Task statement: Could the data underneath be repeated exactly, in full?

====

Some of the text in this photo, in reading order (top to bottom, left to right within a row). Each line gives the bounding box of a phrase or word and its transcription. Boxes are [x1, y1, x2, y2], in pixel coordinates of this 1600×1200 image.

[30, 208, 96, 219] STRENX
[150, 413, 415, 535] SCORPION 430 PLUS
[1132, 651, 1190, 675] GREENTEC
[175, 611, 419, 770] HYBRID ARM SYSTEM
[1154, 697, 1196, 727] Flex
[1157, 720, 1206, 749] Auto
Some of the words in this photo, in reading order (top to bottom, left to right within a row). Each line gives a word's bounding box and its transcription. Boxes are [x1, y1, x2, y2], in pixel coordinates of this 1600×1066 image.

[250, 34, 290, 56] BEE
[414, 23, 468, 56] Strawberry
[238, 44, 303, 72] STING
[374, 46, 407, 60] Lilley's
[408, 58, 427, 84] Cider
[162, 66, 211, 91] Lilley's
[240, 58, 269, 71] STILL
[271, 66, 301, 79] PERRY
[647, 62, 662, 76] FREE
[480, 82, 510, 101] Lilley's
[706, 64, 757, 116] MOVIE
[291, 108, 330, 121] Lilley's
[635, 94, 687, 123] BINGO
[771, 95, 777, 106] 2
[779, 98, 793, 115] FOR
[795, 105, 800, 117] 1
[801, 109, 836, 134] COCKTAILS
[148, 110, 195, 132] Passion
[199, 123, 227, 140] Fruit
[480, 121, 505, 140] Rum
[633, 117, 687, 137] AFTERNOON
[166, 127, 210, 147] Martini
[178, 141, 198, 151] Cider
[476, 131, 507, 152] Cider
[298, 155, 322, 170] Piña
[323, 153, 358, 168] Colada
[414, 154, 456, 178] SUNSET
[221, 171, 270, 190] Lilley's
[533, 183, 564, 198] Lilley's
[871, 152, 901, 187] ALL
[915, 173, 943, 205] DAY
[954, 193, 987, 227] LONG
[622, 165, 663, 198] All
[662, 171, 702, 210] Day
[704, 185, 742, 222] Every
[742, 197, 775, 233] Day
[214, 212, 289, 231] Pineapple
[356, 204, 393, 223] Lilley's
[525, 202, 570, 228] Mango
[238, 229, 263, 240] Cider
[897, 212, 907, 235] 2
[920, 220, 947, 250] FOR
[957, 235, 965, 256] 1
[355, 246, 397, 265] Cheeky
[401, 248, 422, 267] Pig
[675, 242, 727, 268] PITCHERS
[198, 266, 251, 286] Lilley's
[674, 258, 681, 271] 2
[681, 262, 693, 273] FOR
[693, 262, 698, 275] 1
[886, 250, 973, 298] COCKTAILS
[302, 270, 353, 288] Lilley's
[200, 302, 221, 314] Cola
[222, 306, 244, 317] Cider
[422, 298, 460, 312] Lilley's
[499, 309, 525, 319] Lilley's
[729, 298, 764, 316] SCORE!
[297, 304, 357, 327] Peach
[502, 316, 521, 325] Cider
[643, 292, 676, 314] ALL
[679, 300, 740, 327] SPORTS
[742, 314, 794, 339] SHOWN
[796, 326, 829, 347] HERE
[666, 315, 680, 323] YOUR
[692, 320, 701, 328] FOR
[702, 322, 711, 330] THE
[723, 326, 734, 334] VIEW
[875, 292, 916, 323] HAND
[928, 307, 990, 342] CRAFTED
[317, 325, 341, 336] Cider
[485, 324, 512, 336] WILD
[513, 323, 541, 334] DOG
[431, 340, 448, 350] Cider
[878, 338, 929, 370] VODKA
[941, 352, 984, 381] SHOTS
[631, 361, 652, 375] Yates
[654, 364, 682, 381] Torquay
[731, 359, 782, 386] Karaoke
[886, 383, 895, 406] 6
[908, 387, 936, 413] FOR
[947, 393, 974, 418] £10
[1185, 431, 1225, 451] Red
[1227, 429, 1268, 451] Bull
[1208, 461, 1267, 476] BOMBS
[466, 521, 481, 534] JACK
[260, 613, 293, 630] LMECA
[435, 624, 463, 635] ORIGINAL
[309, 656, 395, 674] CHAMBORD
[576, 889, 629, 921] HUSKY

====

Answer to this exercise:
Some of the text in this photo, in reading order (top to bottom, left to right within a row). Each line gives the bounding box of a phrase or word and its transcription. Boxes are [x1, y1, x2, y2], in pixel coordinates of this 1600×1200 image.

[30, 208, 96, 219] STRENX
[150, 413, 415, 535] SCORPION 430 PLUS
[1132, 651, 1190, 675] GREENTEC
[175, 611, 419, 770] HYBRID ARM SYSTEM
[1154, 697, 1196, 727] Flex
[1157, 720, 1206, 749] Auto
Some of the words in this photo, in reading order (top to bottom, left to right within a row). Each line gives a word's bounding box and its transcription. Boxes are [x1, y1, x2, y2], in pixel coordinates of this 1600×1066 image.

[250, 34, 290, 56] BEE
[414, 23, 468, 56] Strawberry
[238, 44, 303, 72] STING
[374, 46, 407, 60] Lilley's
[408, 58, 427, 84] Cider
[162, 66, 211, 91] Lilley's
[240, 58, 269, 71] STILL
[271, 66, 301, 79] PERRY
[647, 62, 662, 76] FREE
[480, 82, 510, 101] Lilley's
[706, 64, 757, 116] MOVIE
[291, 108, 330, 121] Lilley's
[635, 94, 687, 123] BINGO
[771, 95, 777, 106] 2
[779, 98, 793, 115] FOR
[795, 105, 800, 117] 1
[801, 109, 836, 134] COCKTAILS
[148, 110, 195, 132] Passion
[199, 123, 227, 140] Fruit
[480, 121, 505, 140] Rum
[633, 117, 687, 137] AFTERNOON
[166, 127, 210, 147] Martini
[178, 141, 198, 151] Cider
[476, 131, 507, 152] Cider
[298, 155, 322, 170] Piña
[323, 153, 358, 168] Colada
[414, 154, 456, 178] SUNSET
[221, 171, 270, 190] Lilley's
[533, 183, 564, 198] Lilley's
[871, 152, 901, 187] ALL
[915, 173, 943, 205] DAY
[954, 193, 987, 227] LONG
[622, 165, 663, 198] All
[662, 171, 702, 210] Day
[704, 185, 742, 222] Every
[742, 197, 775, 233] Day
[214, 212, 289, 231] Pineapple
[356, 204, 393, 223] Lilley's
[525, 202, 570, 228] Mango
[238, 229, 263, 240] Cider
[897, 212, 907, 235] 2
[920, 220, 947, 250] FOR
[957, 235, 965, 256] 1
[355, 246, 397, 265] Cheeky
[401, 248, 422, 267] Pig
[675, 242, 727, 268] PITCHERS
[198, 266, 251, 286] Lilley's
[674, 258, 681, 271] 2
[681, 262, 693, 273] FOR
[693, 262, 698, 275] 1
[886, 250, 973, 298] COCKTAILS
[302, 270, 353, 288] Lilley's
[200, 302, 221, 314] Cola
[222, 306, 244, 317] Cider
[422, 298, 460, 312] Lilley's
[499, 309, 525, 319] Lilley's
[729, 298, 764, 316] SCORE!
[297, 304, 357, 327] Peach
[502, 316, 521, 325] Cider
[643, 292, 676, 314] ALL
[679, 300, 740, 327] SPORTS
[742, 314, 794, 339] SHOWN
[796, 326, 829, 347] HERE
[666, 315, 680, 323] YOUR
[692, 320, 701, 328] FOR
[702, 322, 711, 330] THE
[723, 326, 734, 334] VIEW
[875, 292, 916, 323] HAND
[928, 307, 990, 342] CRAFTED
[317, 325, 341, 336] Cider
[485, 324, 512, 336] WILD
[513, 323, 541, 334] DOG
[431, 340, 448, 350] Cider
[878, 338, 929, 370] VODKA
[941, 352, 984, 381] SHOTS
[631, 361, 652, 375] Yates
[654, 364, 682, 381] Torquay
[731, 359, 782, 386] Karaoke
[886, 383, 895, 406] 6
[908, 387, 936, 413] FOR
[947, 393, 974, 418] £10
[1185, 431, 1225, 451] Red
[1227, 429, 1268, 451] Bull
[1208, 461, 1267, 476] BOMBS
[466, 521, 481, 534] JACK
[260, 613, 293, 630] LMECA
[435, 624, 463, 635] ORIGINAL
[309, 656, 395, 674] CHAMBORD
[576, 889, 629, 921] HUSKY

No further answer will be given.